Des millions de photons au service de la sécurité nationale
L'objectif est de mettre en place des transmissions quasiment impossibles à déchiffrer par des tiers et résistantes aux attaques de puissants ordinateurs quantiques par des pirates informatiques, des organisations criminelles ou des pays tiers qui cherchent à s'approprier des données ou des informations critiques liées à la sécurité nationale.
Le développement complet des ordinateurs quantiques est imminent, et leurs premiers utilisateurs seront en mesure de déchiffrer les systèmes de cryptage actuels, y compris le RSA, la forme de cryptographie asymétrique la plus utilisée au monde. Le système de clés RSA est l'acronyme des noms de famille de ses créateurs, le professeur américain Ron Rivest, l'Israélien Adi Shamir et l'Américain Leonard Adleman, qui l'ont développé au Massachusetts Institute of Technology en 1977 et dont les algorithmes permettent, dans la pratique, une confidentialité totale... jusqu'à présent.

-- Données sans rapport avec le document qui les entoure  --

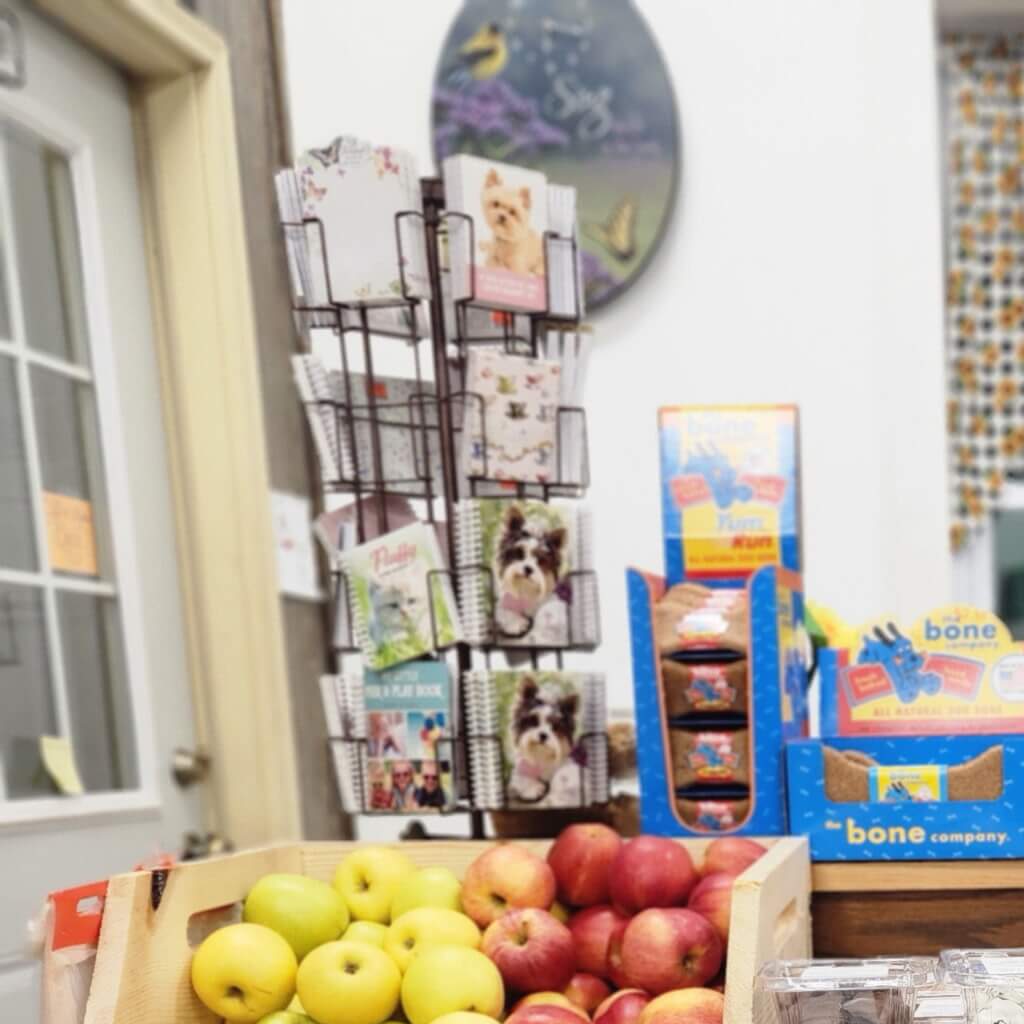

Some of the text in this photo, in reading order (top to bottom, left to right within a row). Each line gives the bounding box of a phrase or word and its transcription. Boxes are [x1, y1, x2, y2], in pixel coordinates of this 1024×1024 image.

[925, 618, 997, 640] bone
[824, 820, 842, 829] the
[847, 818, 926, 844] bone
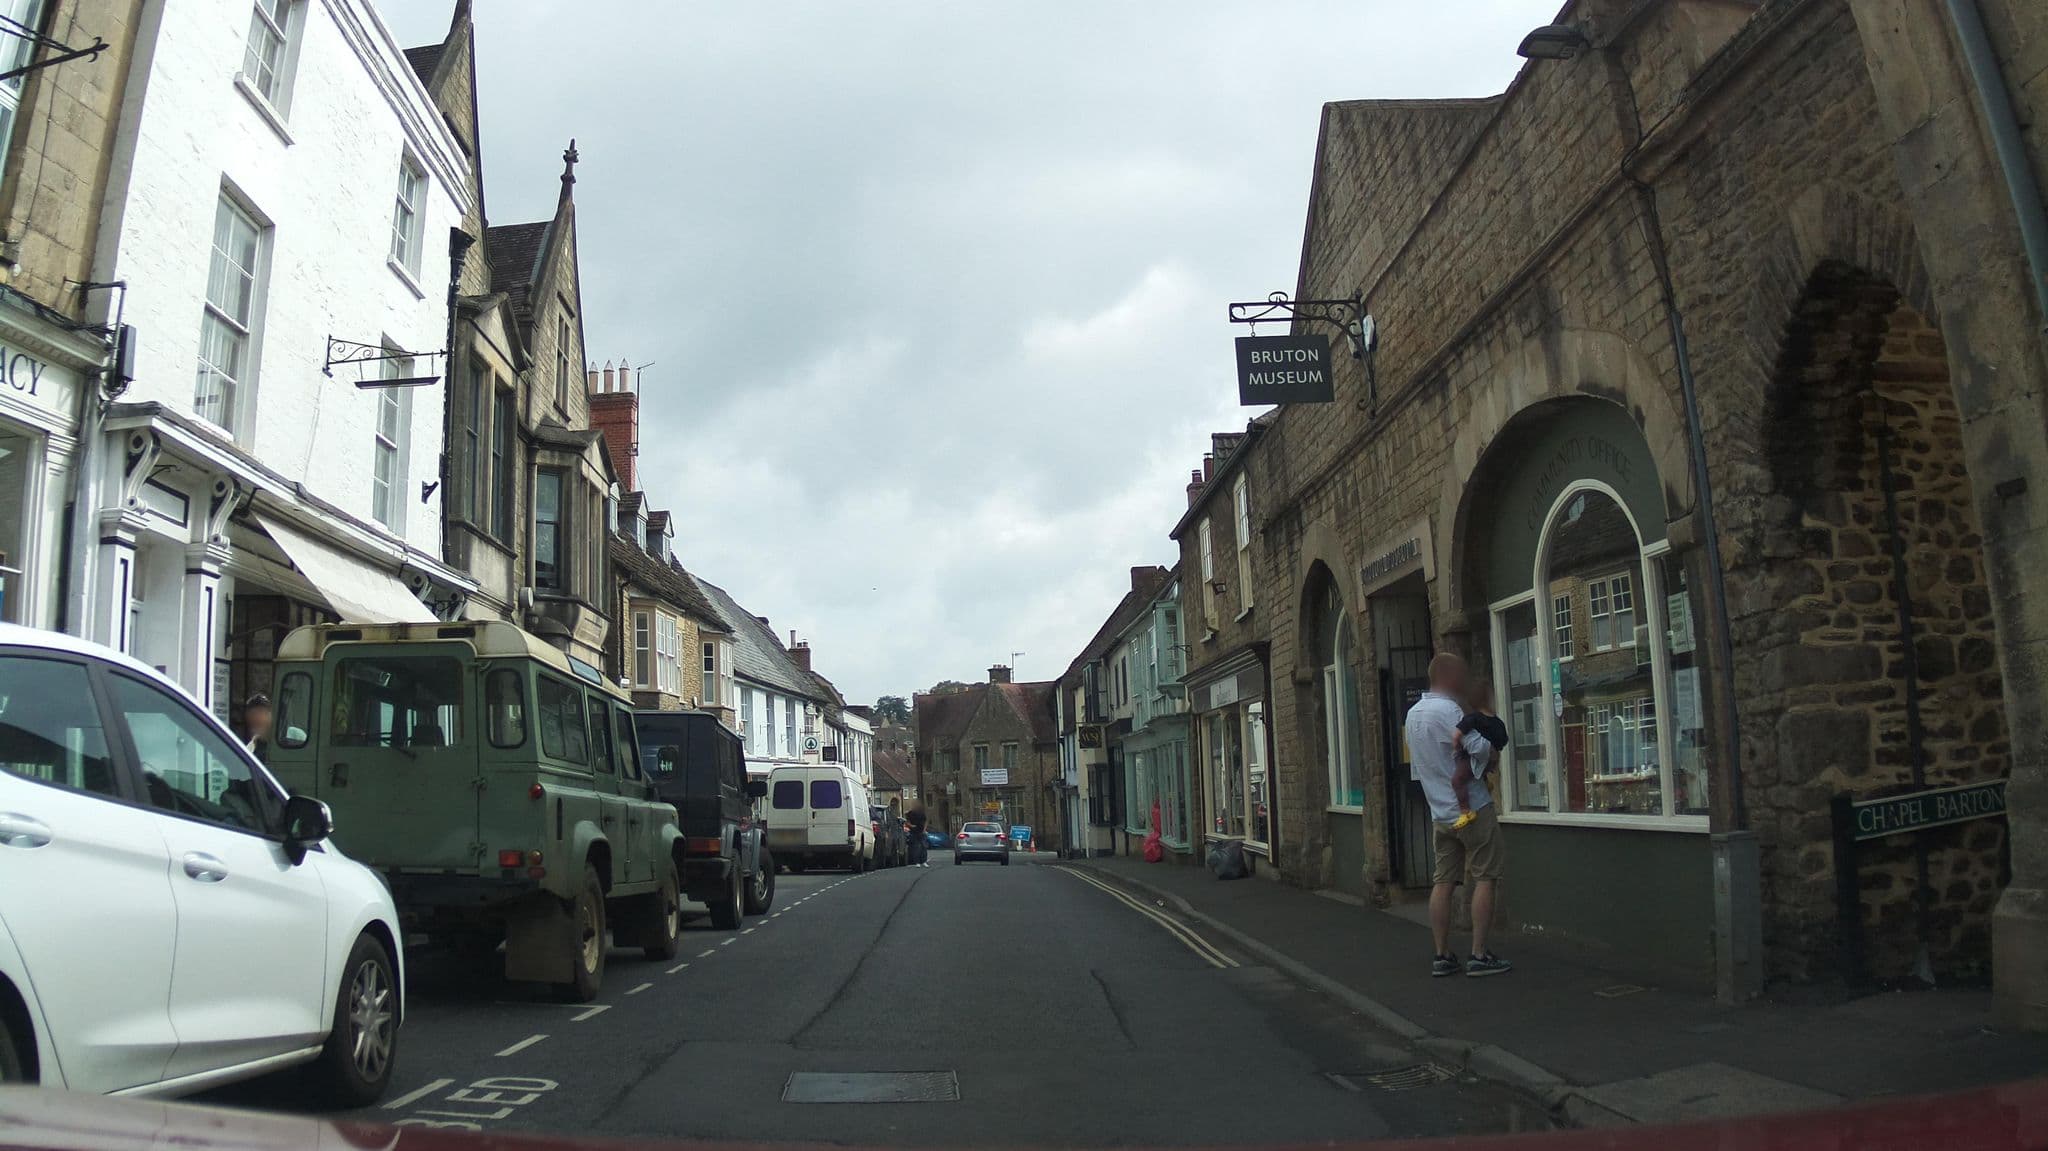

La technologie GEO QKD de Thales Alenia Space España, avant d'être testée dans l'espace, va être soumise à une évaluation au sol. Elle aura lieu au cours du premier semestre 2026, entre les îles de La Palma et de Tenerife, distantes d'environ 150 kilomètres. Après les ajustements nécessaires, son composant de vol sera embarqué à bord d'un satellite de communication Hispasat, qui tirera des photons sur une station réceptrice terrestre afin de générer des clés de chiffrement aléatoires, qui seront immédiatement transmises aux parties intéressées. Il faut rappeler que, par essence, les photons sont des particules subatomiques porteuses de toutes les formes de rayonnement électromagnétique.
En tant que responsable du projet chez Thales Alenia Space España, Ángel Álvaro explique que le composant spatial de GEO QKD est équipé d'un « laser pulsé, ultra-rapide et très faible », dont la fonction est de tirer 500 millions de photons par seconde, soit « 500 mégapulses très courts et de faible intensité ». Mais il souligne que « sur tous les photons, environ 10 000 atteindront la Terre ». Et qu'advient-il des autres ? « Ils sont absorbés par l'atmosphère, c'est pourquoi nous avons créé un algorithme comptable pour identifier quels photons atteignent leur destination et lesquels ne l'atteignent pas ».
Le projet mené par Thales Alenia Space España est sans aucun doute le plus complexe à développer et le plus difficile à mener à bien. Afin de connaître l'état d'avancement du projet, la secrétaire générale à l'Innovation, Teresa Riesgo, s'est rendue il y a quelques jours au siège de l'entreprise à Tres Cantos, près de Madrid, en compagnie du secrétaire général aux Télécommunications, Matías González Martín, et du directeur général du CDTI, José Moisés Martín.
La mise au point du démonstrateur GEO QKD est le fruit des technologies du groupe d'entreprises et d'institutions dirigé par Thales Alenia Space España, société détenue à 67 % par Thales France et à 33 % par la société italienne Leonardo. Il est composé d'Arquimea, GMV, Hispasat, IDOM, Indra, l'Institut astrophysique des Canaries, Qdynamics, Quside, Tecnobit, Thales Ciberseguridad, les universités de Vigo et Polytechnique de Madrid et le Centre cryptologique national.
Le LEO QKD, dirigé par Sener Aeroespacial, compte parmi ses participants Deimos, Hisdesat, Hispasat, Indra, Luxquanta, Quside, l'Institut astrophysique des Canaries, l'Institut des sciences photoniques et l'Institut d'études spatiales de Catalogne.